H4. The Synergistic Effect on Financial Inclusion. Model 3 at the household level tested the interaction effect between fintech usage and green product usage on financial inclusion. The dependent variable was measured as formal account ownership (binary, logistic regression) and number of financial products used (continuous, OLS regression). The interaction term between fintech usage and green product usage was positive and highly significant (β = 0.502, p < 0.01). This indicates a synergistic effect: the positive impact on financial inclusion is greater than the sum of its parts when individuals use both digital and green financial tools. This path analysis uncovers the mechanism behind H1. The significant indirect effect and full mediation demonstrate that fintech’s influence is not direct; it is channeled through building the bank’s absorptive capacity. This means investments in digital tools alone are insufficient; they must be paired with efforts to build the data and analytical skills needed to apply them to green finance. Table 6 reveals the regression reults of key models. To test the synergistic effect of fintech and green finance on financial inclusion at the household level (H4), we employed both logistic regression (for binary inclusion outcomes) and OLS regression (for continuous inclusion depth measures) reveals in
Table 7.
The logistic regression results confirm a significant positive interaction effect (Odds Ratio = 1.72, p < 0.01), indicating that the likelihood of being formally included in the financial system is significantly higher when an individual uses both digital and green financial products. The OLS regression results similarly reveal a synergistic effect (β = 0.50, p < 0.01), demonstrating that the combined usage of these products yields a disproportionately greater increase in the depth of financial inclusion. Together, these findings provide robust support for H4, which posits that the synergistic effect of high levels of both fintech and green finance leads to significantly higher levels of meaningful financial inclusion.
5.2. Robustness Checks
To assess the robustness of our findings, we conducted several additional analyses.

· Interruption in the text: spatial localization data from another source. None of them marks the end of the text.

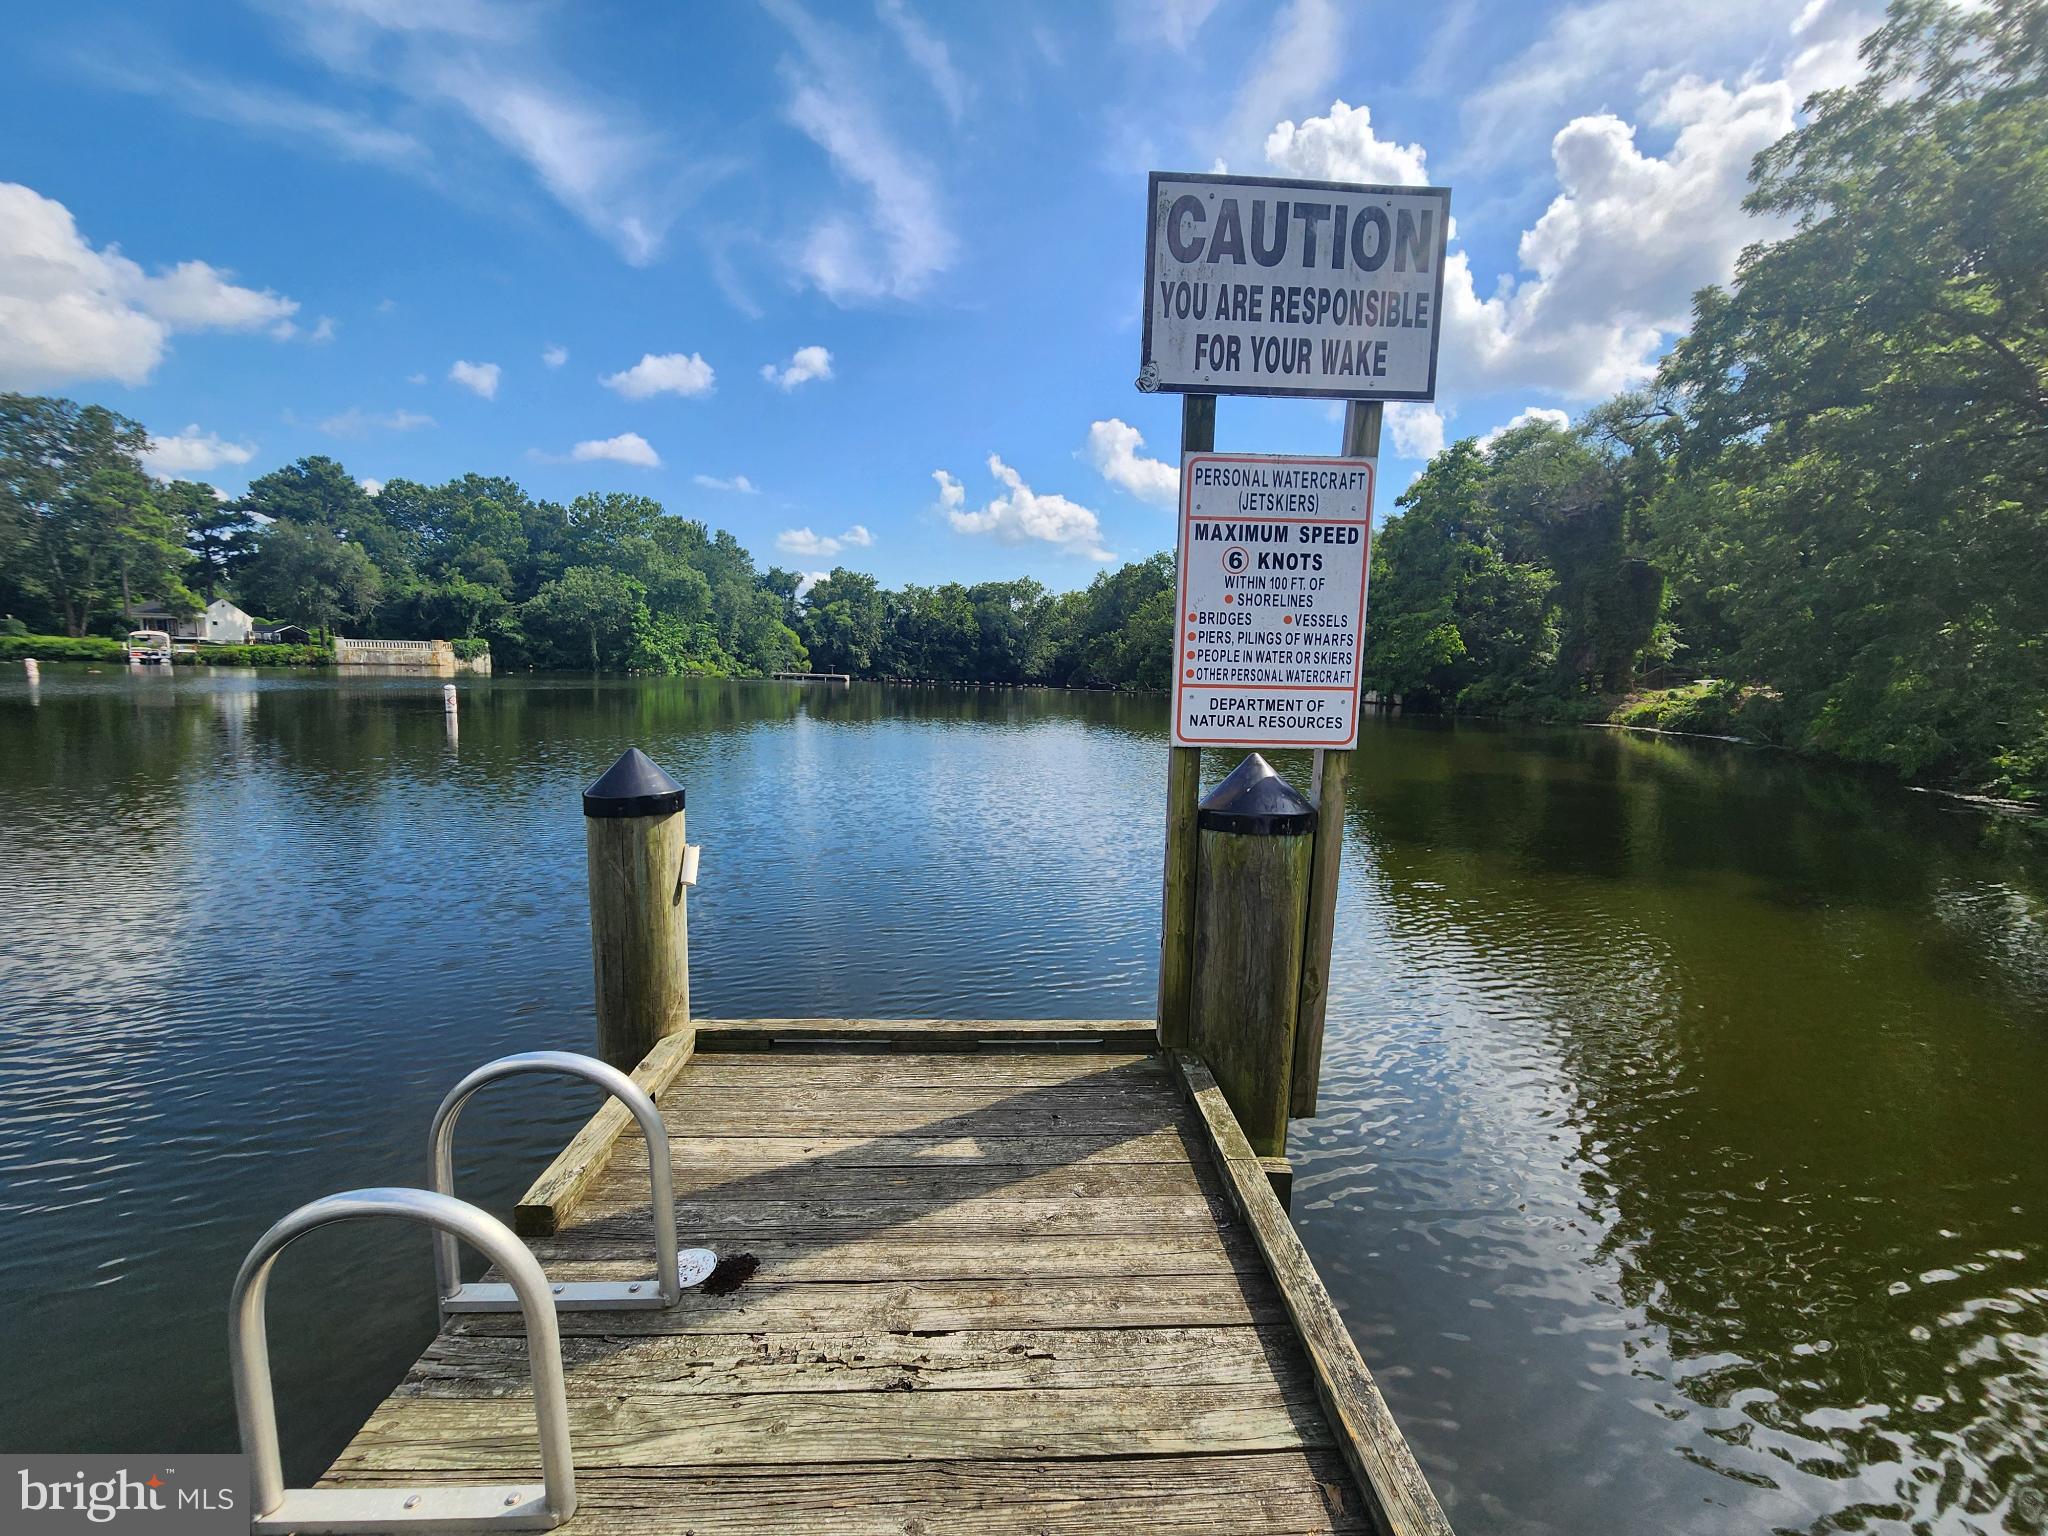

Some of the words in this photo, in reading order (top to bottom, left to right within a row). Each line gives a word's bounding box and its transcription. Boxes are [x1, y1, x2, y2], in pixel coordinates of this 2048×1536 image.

[1167, 195, 1433, 273] CAUTION
[1161, 281, 1208, 320] YOU
[1215, 284, 1263, 322] ARE
[1270, 286, 1429, 328] RESPONSIBLE
[1195, 334, 1241, 372] FOR
[1251, 336, 1312, 374] YOUR
[1321, 339, 1388, 376] WAKE
[1195, 468, 1269, 487] PERSONAL
[1273, 470, 1365, 490] WATERCRAFT
[1238, 491, 1319, 515] (JETSKIERS)
[1194, 523, 1288, 543] MAXIMUM
[1299, 525, 1359, 545] SPEED
[1228, 551, 1243, 570] 6
[1257, 552, 1323, 571] KNOTS
[1224, 575, 1266, 590] WITHIN
[1269, 576, 1288, 590] 100
[1290, 577, 1306, 591] FT.
[1309, 577, 1325, 591] OF
[1237, 593, 1313, 608] SHORELINES
[1198, 612, 1252, 626] BRIDGES
[1295, 613, 1348, 628] VESSELS
[1198, 630, 1234, 646] PIERS,
[1237, 631, 1282, 646] PILINGS
[1285, 632, 1300, 646] OF
[1303, 633, 1354, 647] WHARFS
[1197, 649, 1240, 663] PEOPLE
[1242, 650, 1252, 663] IN
[1255, 650, 1293, 664] WATER
[1295, 651, 1311, 664] OR
[1313, 651, 1352, 665] SKIERS
[1196, 667, 1229, 681] OTHER
[1231, 668, 1283, 682] PERSONAL
[1285, 669, 1352, 684] WATERCRAFT
[1209, 698, 1304, 712] DEPARTMENT
[1306, 699, 1325, 712] OF
[1189, 715, 1254, 728] NATURAL
[1258, 716, 1343, 729] RESOURCES

We first re-estimated the models using alternative operationalizations of the key constructs. When digital transaction volume replaced IT budget allocation as the measure of Fintech Adoption Intensity, it showed a significant positive relationship with Green Finance Enhancement (β = 0.298, p < 0.05). The results remained consistent when Green Finance Enhancement was measured by the number of green products offered rather than loan portfolio size (β = 0.367, p < 0.01). The findings, then, did not depend on a single measurement approach.

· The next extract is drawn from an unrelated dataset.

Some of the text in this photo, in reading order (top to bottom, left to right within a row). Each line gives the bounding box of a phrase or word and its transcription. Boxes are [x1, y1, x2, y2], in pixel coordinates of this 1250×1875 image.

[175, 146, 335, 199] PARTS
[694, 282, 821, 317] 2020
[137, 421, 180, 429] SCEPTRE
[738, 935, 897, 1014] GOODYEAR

Second, we checked the mediation analysis through bootstrap estimation based on 5000 replications. Absorptive capacity showed a significant indirect effect (β = 0.187, 95% CI: 0.061–0.321), supporting its mediating role (H3).

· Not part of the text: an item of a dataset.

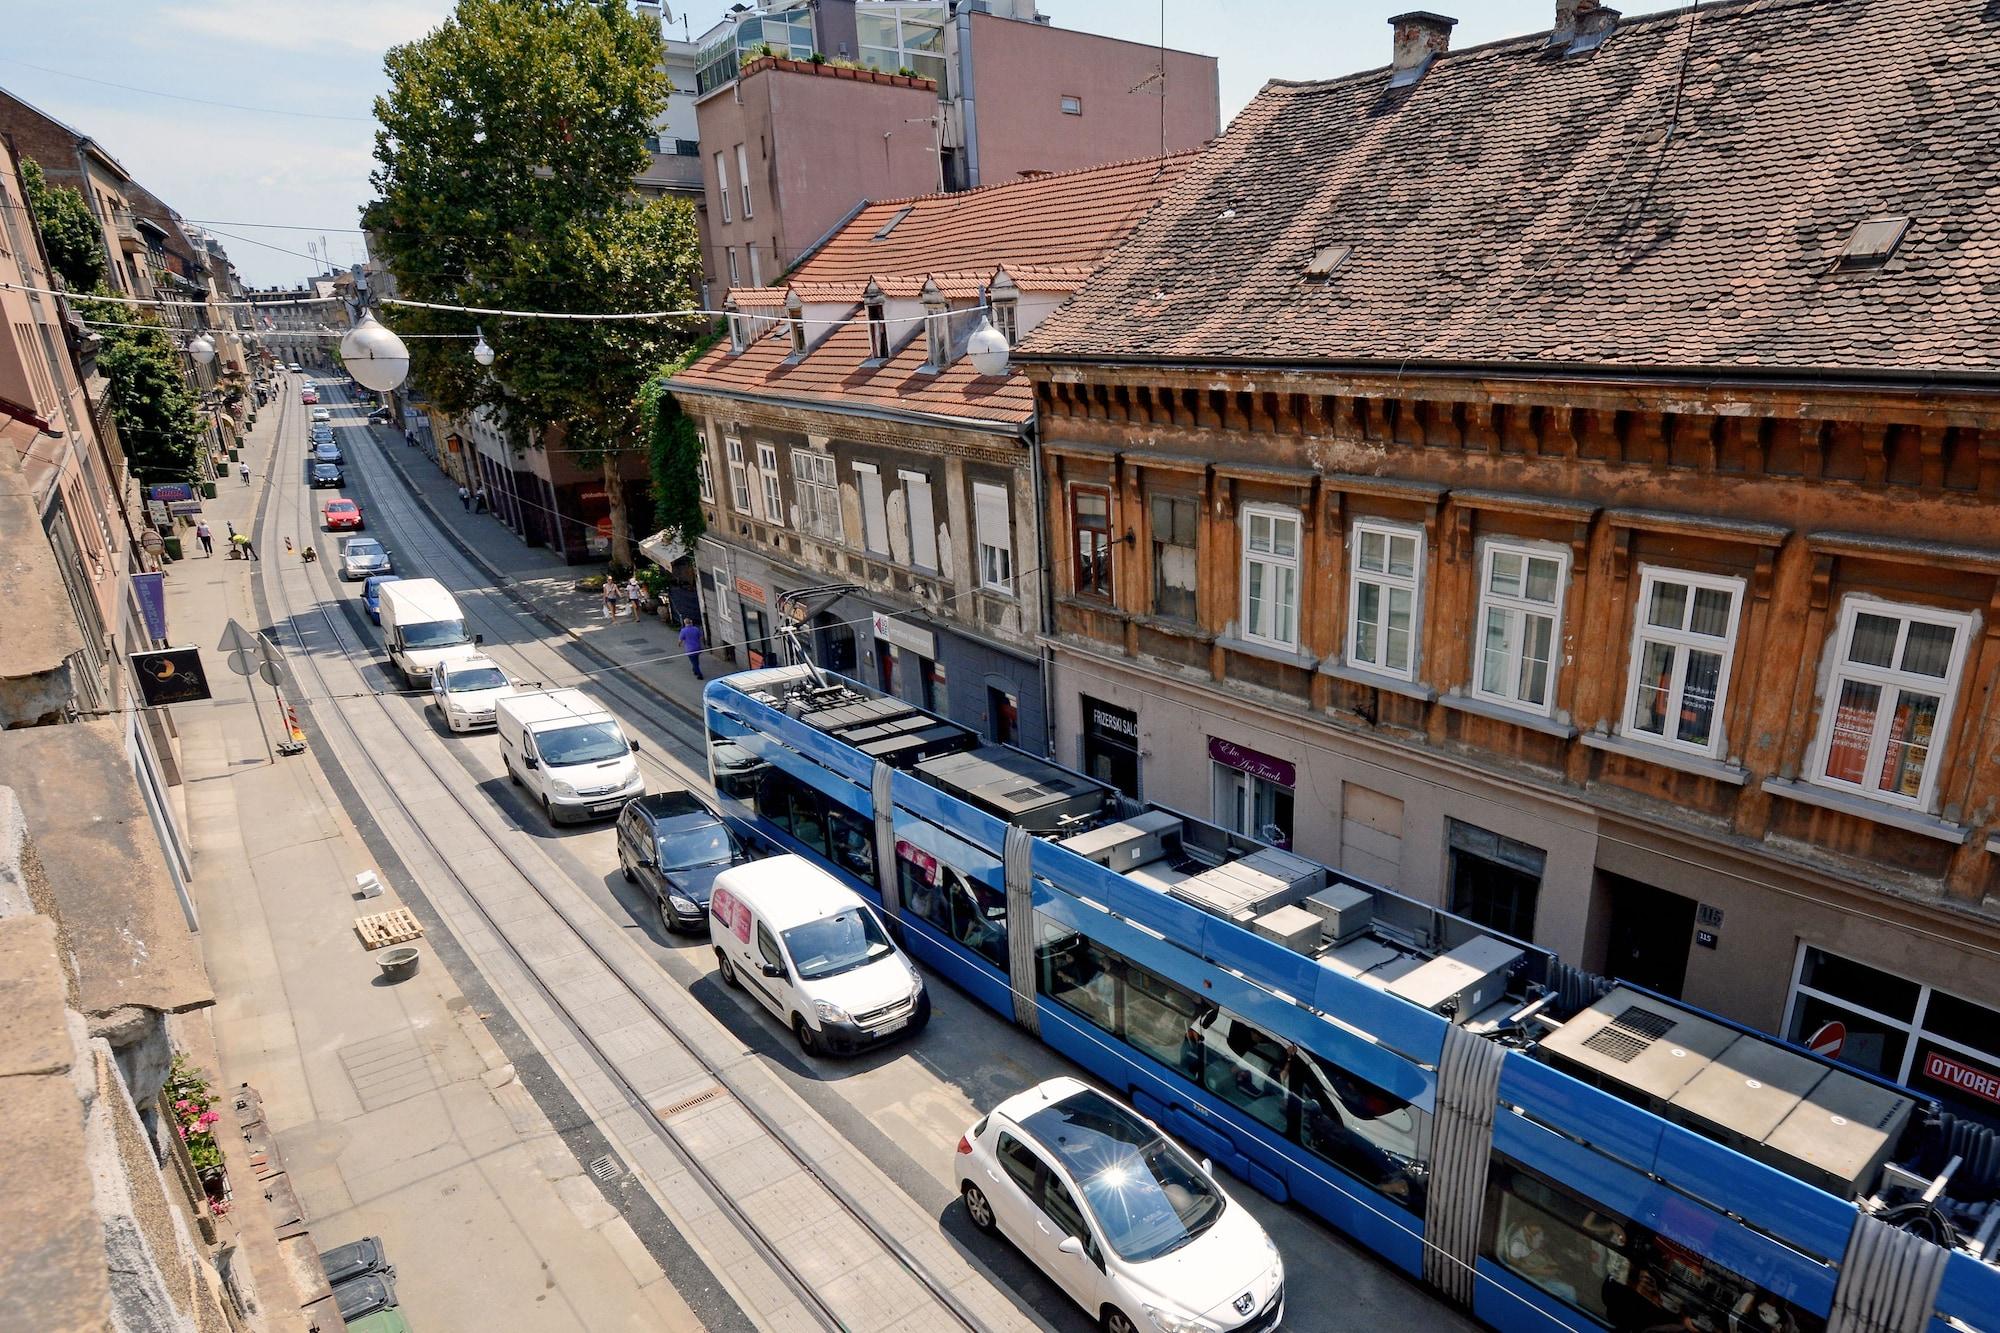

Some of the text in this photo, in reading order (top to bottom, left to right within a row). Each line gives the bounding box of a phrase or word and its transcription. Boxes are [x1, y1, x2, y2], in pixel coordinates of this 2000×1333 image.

[1093, 709, 1122, 732] FRIZERSKI
[1233, 758, 1281, 781] Art Touch
[1700, 932, 1712, 942] 115

We also assessed common method bias with Harman’s single-factor test. The single factor explained 23.4% of the total variance, which is below the 50% threshold and suggests that common method bias is unlikely to pose a serious threat to the validity of our findings. To address the concern further, we used procedural remedies such as anonymity, counterbalancing the order of questions, and providing clear instructions.
We acknowledge that our cross-sectional design has limitations. Although the findings remain consistent across multiple specifications, establishing causality will require future studies using quasi-experimental designs or natural experiments.